You raise good points. I definitely do not think that religious people, including LDS, are all "delusional." (Some certainly are; to wit, Brian David Mitchell or Dan Lafferty). I have read a number of books regarding spiritual experiences and religious conversions since I first began studying the subject in college more than twenty years ago. I think my wide-ranging personal study of the phenomonon of religious conviction gives me a perspective that most people (whether in the DAMU or among the more devout members of the church) do not share. I am currently reading a book called "The 'God' Part of the Brain" that is providing me with much food for thought. I might recommend it to our mutual friend.

As for whether one ought to continue friendships with those who have called you "delusional," I would say that it depends. Such a statement may indicate a total lack of respect for you as a person, in which case I'd say you have no reason to continue to associate with the person. Or, the statement might just be an example of someone using hyperbole and heated rhetoric in a moment of passion. I have had friends in the past with whom I have disagreed vehemently on, say, politics. Sometimes we would engage in heated rhetoric, but we always knew that we respected each other even if we disagreed.
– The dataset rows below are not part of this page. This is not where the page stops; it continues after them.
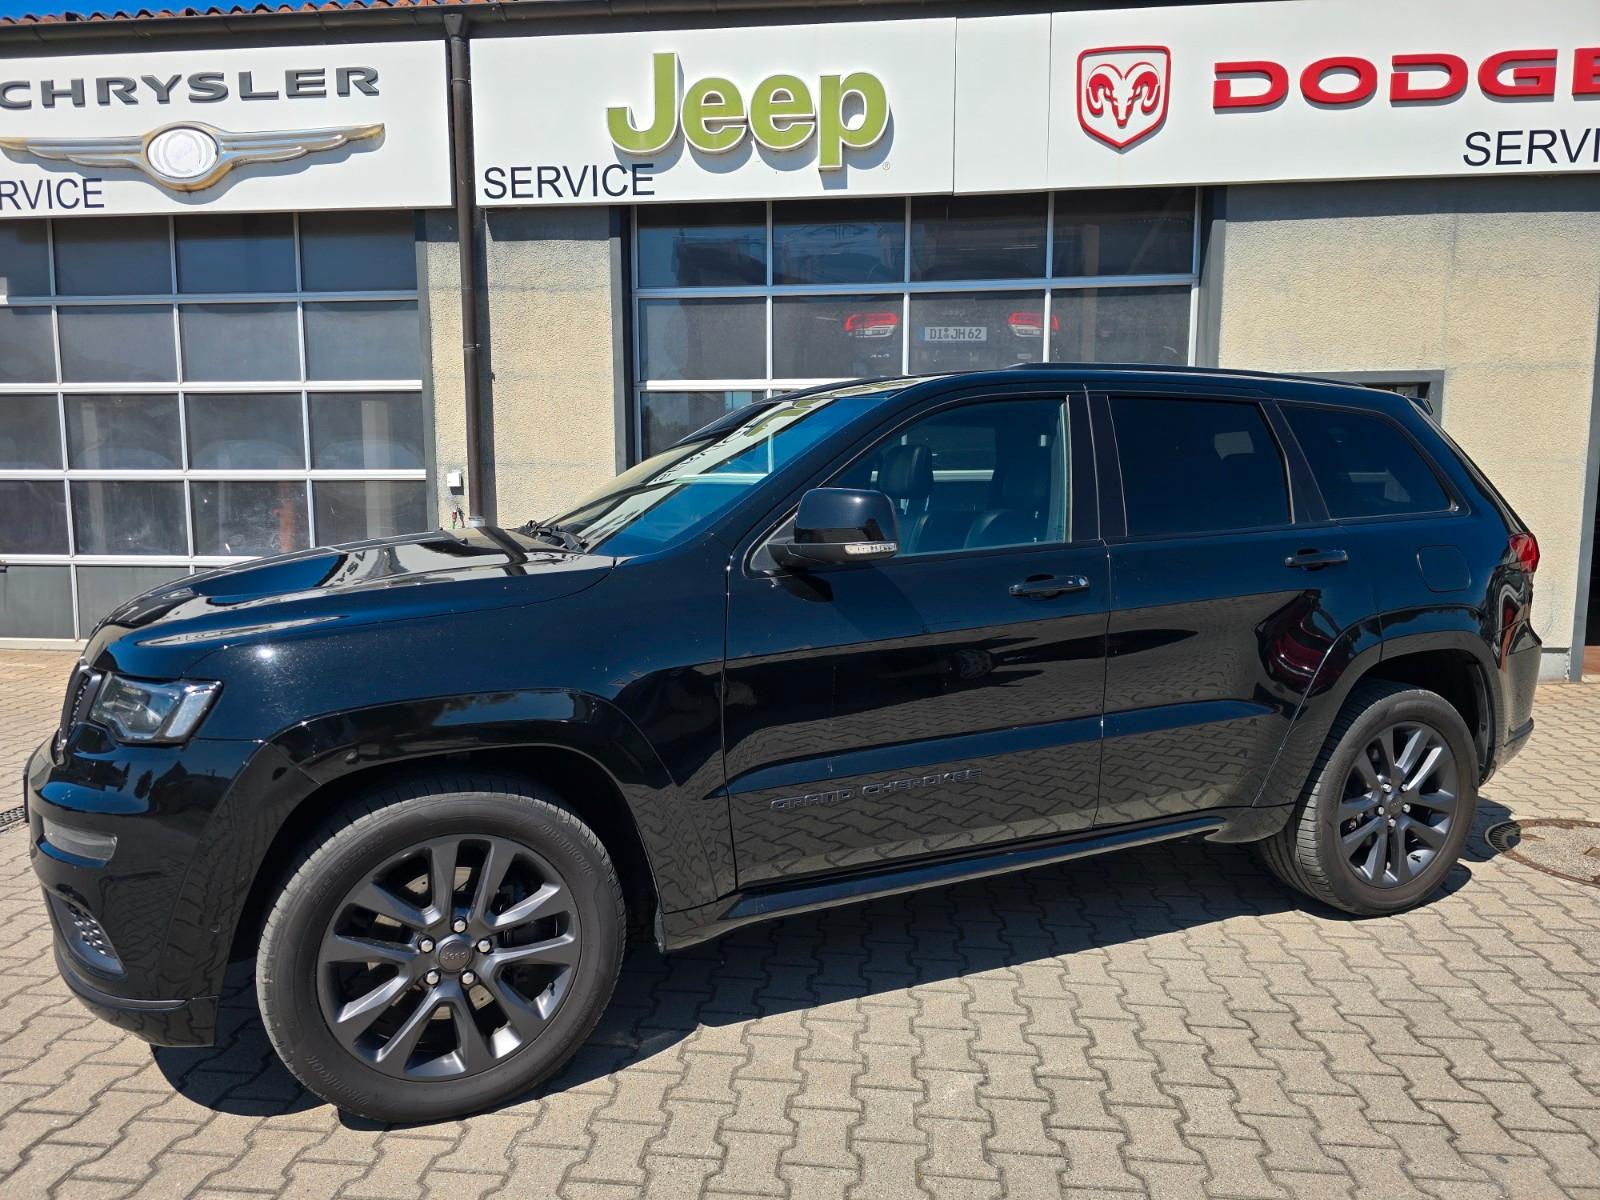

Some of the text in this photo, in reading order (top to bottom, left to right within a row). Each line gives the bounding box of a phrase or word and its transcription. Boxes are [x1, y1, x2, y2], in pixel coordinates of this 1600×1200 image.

[0, 66, 380, 109] CHRYSLER
[606, 51, 889, 171] Jeep
[1463, 128, 1600, 166] SERVI
[484, 163, 655, 199] SERVICE
[770, 788, 855, 810] GRAND
I think that's the key.

Jonathan Blake

Regarding the missionaries having converts bear testimony, I personally never asked someone to lie, but it is common practice to have new converts bear their testimony. This serves to strengthen their new beliefs because they verbally identify themselves with those beliefs in public. They may feel some peer pressure to go beyond what they actually believe. "Everyone else seems to know that Joseph Smith is a prophet. How will it look if I don't say that too?" The more we say that we know something to be true, the more we believe that we actually know: the "saying is believing" principle.

Jordan F.

I have never heard of a "saying is believing" principle. I have heard the term "seeing is believing." Is that what you meant?

I have heard of using daily affirmations to build a certain attitude unrelated to religion. After all, you must remember that I am good enough, I am smart enough, and doggone it, people like me!
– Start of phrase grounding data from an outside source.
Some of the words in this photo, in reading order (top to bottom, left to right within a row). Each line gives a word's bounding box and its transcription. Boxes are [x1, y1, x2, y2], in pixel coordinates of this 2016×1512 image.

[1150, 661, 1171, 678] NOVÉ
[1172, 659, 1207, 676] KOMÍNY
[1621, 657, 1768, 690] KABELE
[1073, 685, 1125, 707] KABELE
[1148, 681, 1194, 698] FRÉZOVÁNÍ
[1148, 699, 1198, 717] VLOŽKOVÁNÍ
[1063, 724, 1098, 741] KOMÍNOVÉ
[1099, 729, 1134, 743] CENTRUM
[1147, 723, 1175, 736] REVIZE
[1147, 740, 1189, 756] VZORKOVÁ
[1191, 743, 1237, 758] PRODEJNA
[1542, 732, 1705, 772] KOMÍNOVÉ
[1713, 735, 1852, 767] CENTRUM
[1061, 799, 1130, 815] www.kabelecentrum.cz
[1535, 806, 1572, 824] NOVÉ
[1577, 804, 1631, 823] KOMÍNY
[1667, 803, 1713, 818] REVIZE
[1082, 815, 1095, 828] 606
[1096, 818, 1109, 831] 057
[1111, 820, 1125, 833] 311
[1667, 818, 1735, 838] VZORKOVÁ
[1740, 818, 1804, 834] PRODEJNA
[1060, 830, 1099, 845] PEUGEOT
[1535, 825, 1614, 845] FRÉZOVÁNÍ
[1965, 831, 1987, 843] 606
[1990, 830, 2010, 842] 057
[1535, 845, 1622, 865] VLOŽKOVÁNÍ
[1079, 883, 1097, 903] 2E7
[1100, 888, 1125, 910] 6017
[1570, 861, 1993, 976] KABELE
"My awakening to what I believe is the truth didn't happen because I got more intelligent, just better informed with a clearer perspective. I began to see things from a less biased perspective."

I think that's a very interesting comment. I personally have found that the more I learn, the less clearer my perspective comes and I have a harder time accepting or believing anyone's version of the truth. Philosophy also played a part. (Why does David Hume have to be so damn persuasive?) I guess if we want to know the truth of the foundational claims of the Mormon church we can ask Joseph Smith about what really happened when he comes back and uses all the offices we constructed for him at our church buildings (Wait a second, that's L. Ron Hubbard and Scientology...I've been in Clearwater too long)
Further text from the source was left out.